::: MATERIAL PROVIDED
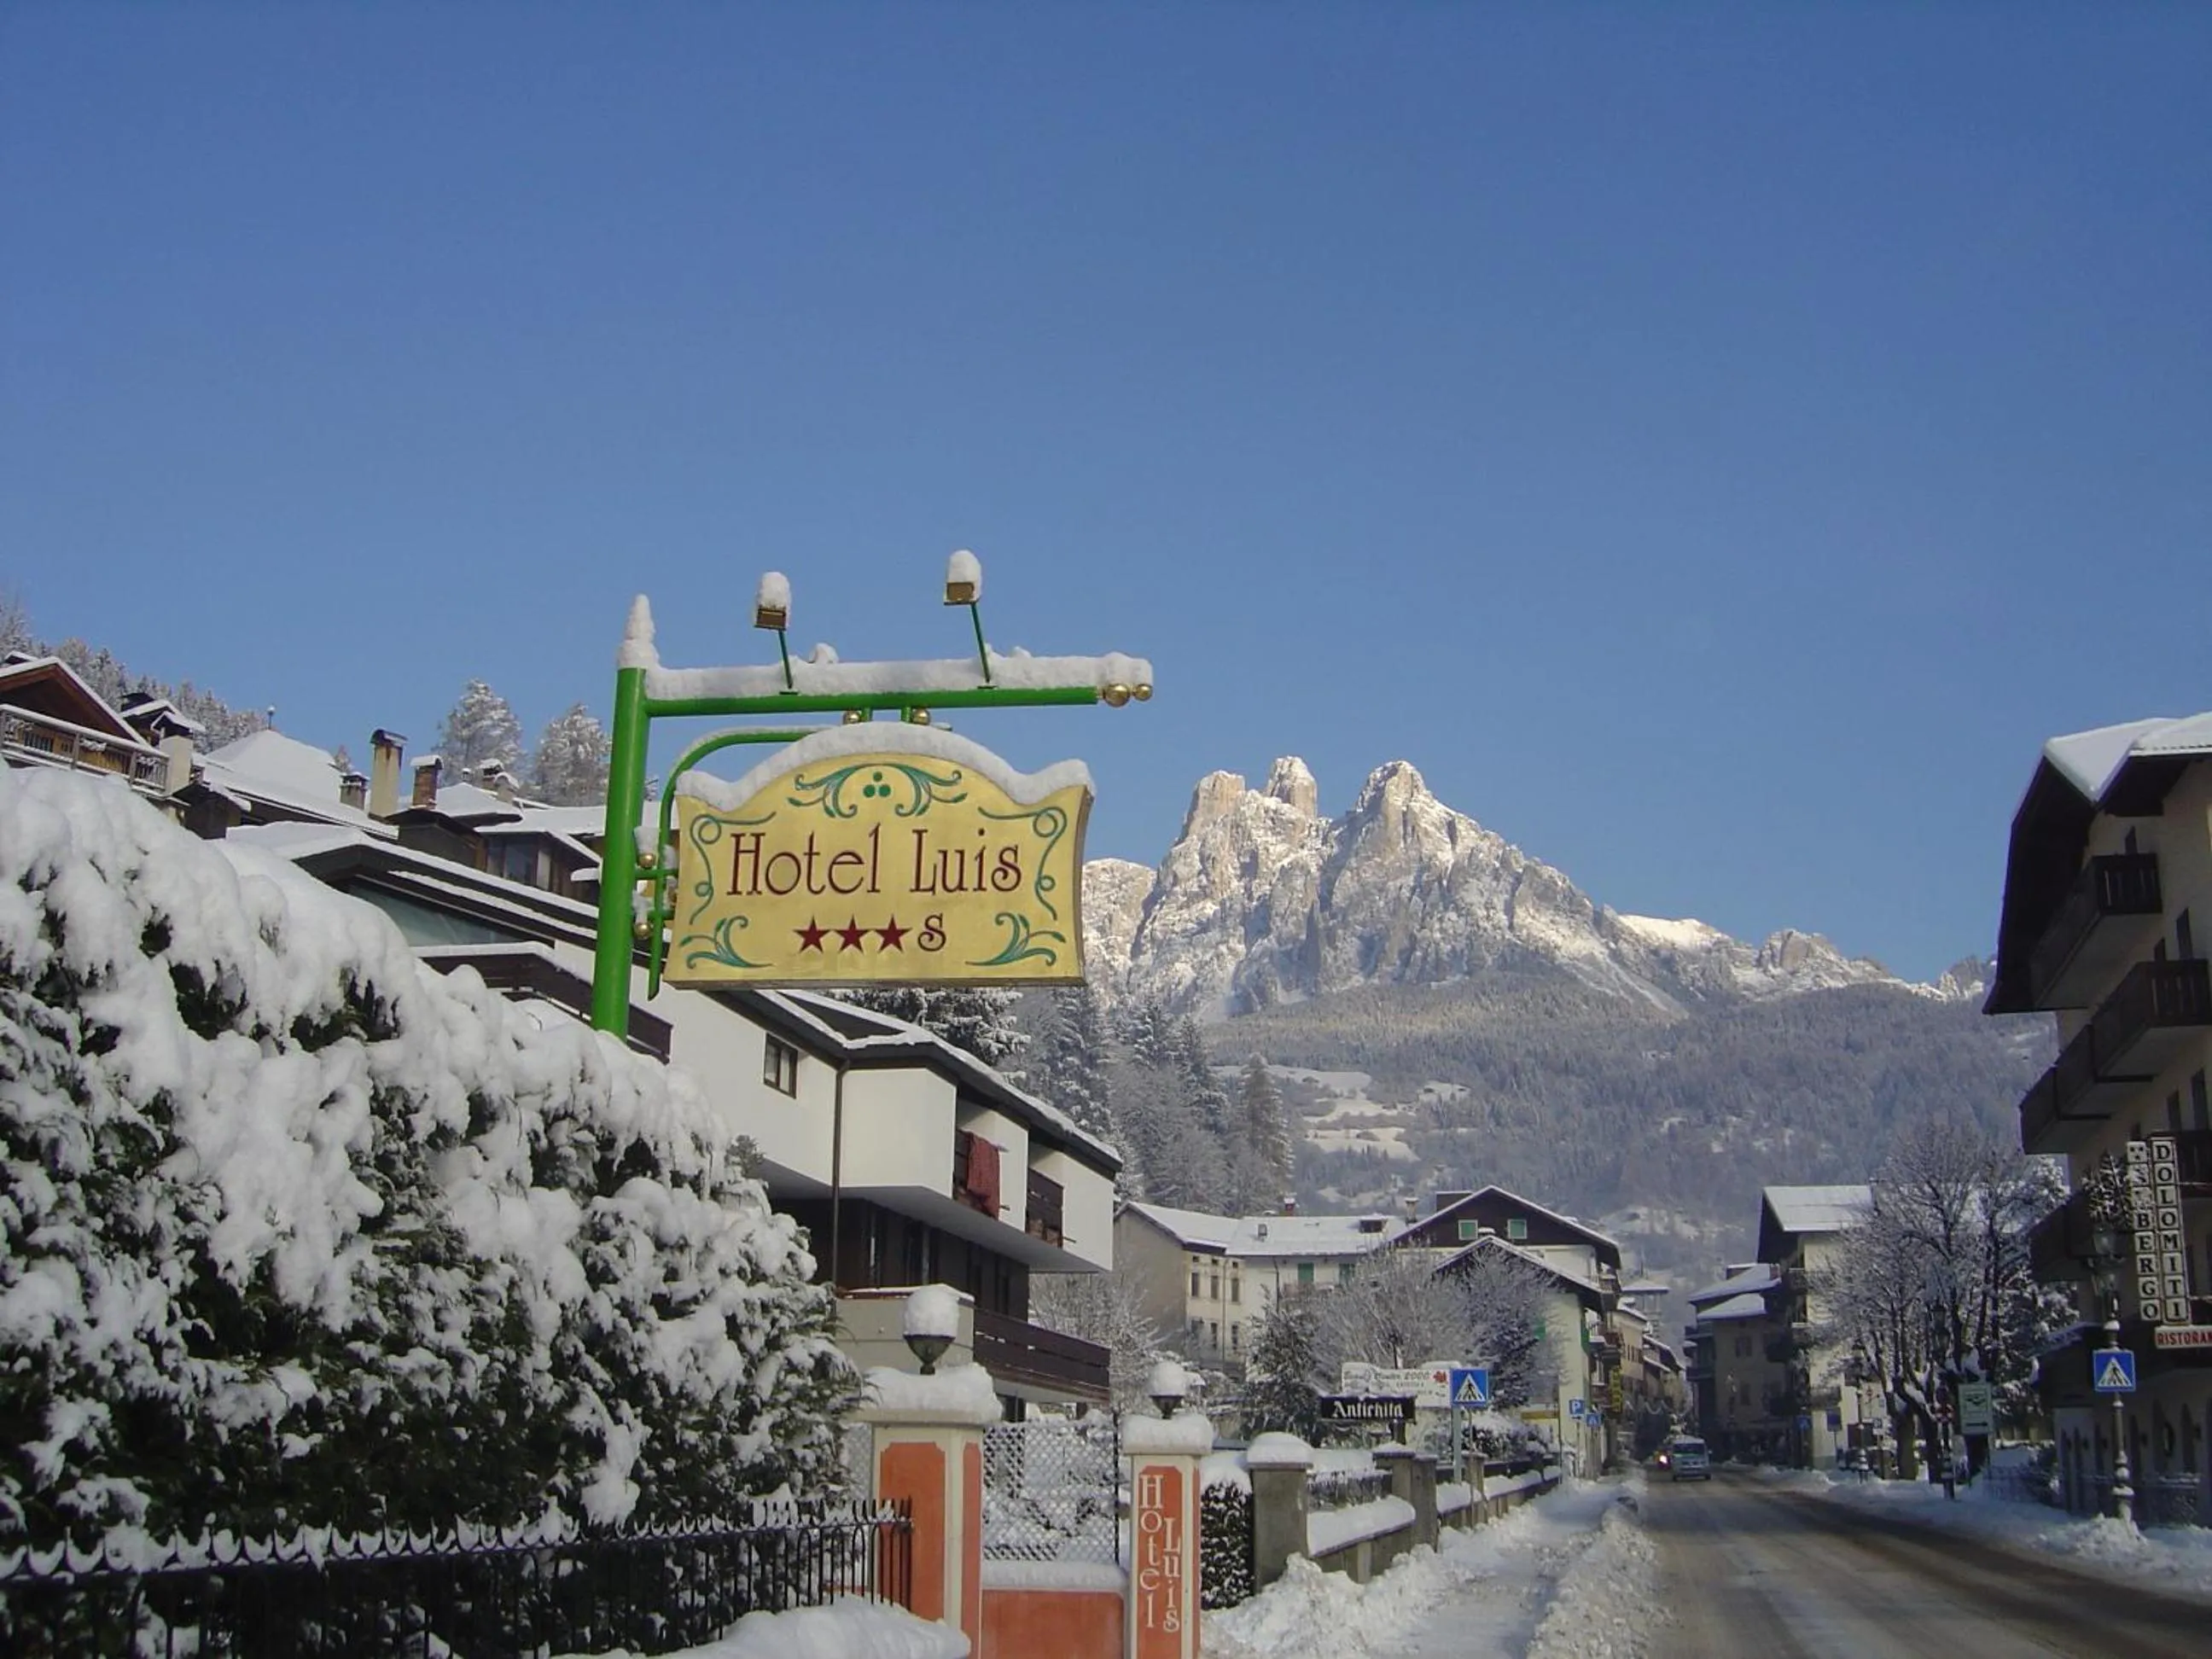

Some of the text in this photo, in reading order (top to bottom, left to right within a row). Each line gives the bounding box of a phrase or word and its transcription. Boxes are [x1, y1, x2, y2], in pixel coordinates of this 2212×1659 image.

[725, 823, 1022, 897] Hotel Luis
[2155, 1145, 2182, 1317] DOLOMITI
[1139, 1475, 1164, 1628] Hotel
[1163, 1516, 1181, 1633] Luis
::::::
**WHAT IS BEING ASKED**
No pictures belong in the copy. Repeat the listing above exactly.

**RESULT BELOW**
Some of the text in this photo, in reading order (top to bottom, left to right within a row). Each line gives the bounding box of a phrase or word and its transcription. Boxes are [x1, y1, x2, y2], in pixel coordinates of this 2212×1659 image.

[725, 823, 1022, 897] Hotel Luis
[2155, 1145, 2182, 1317] DOLOMITI
[1139, 1475, 1164, 1628] Hotel
[1163, 1516, 1181, 1633] Luis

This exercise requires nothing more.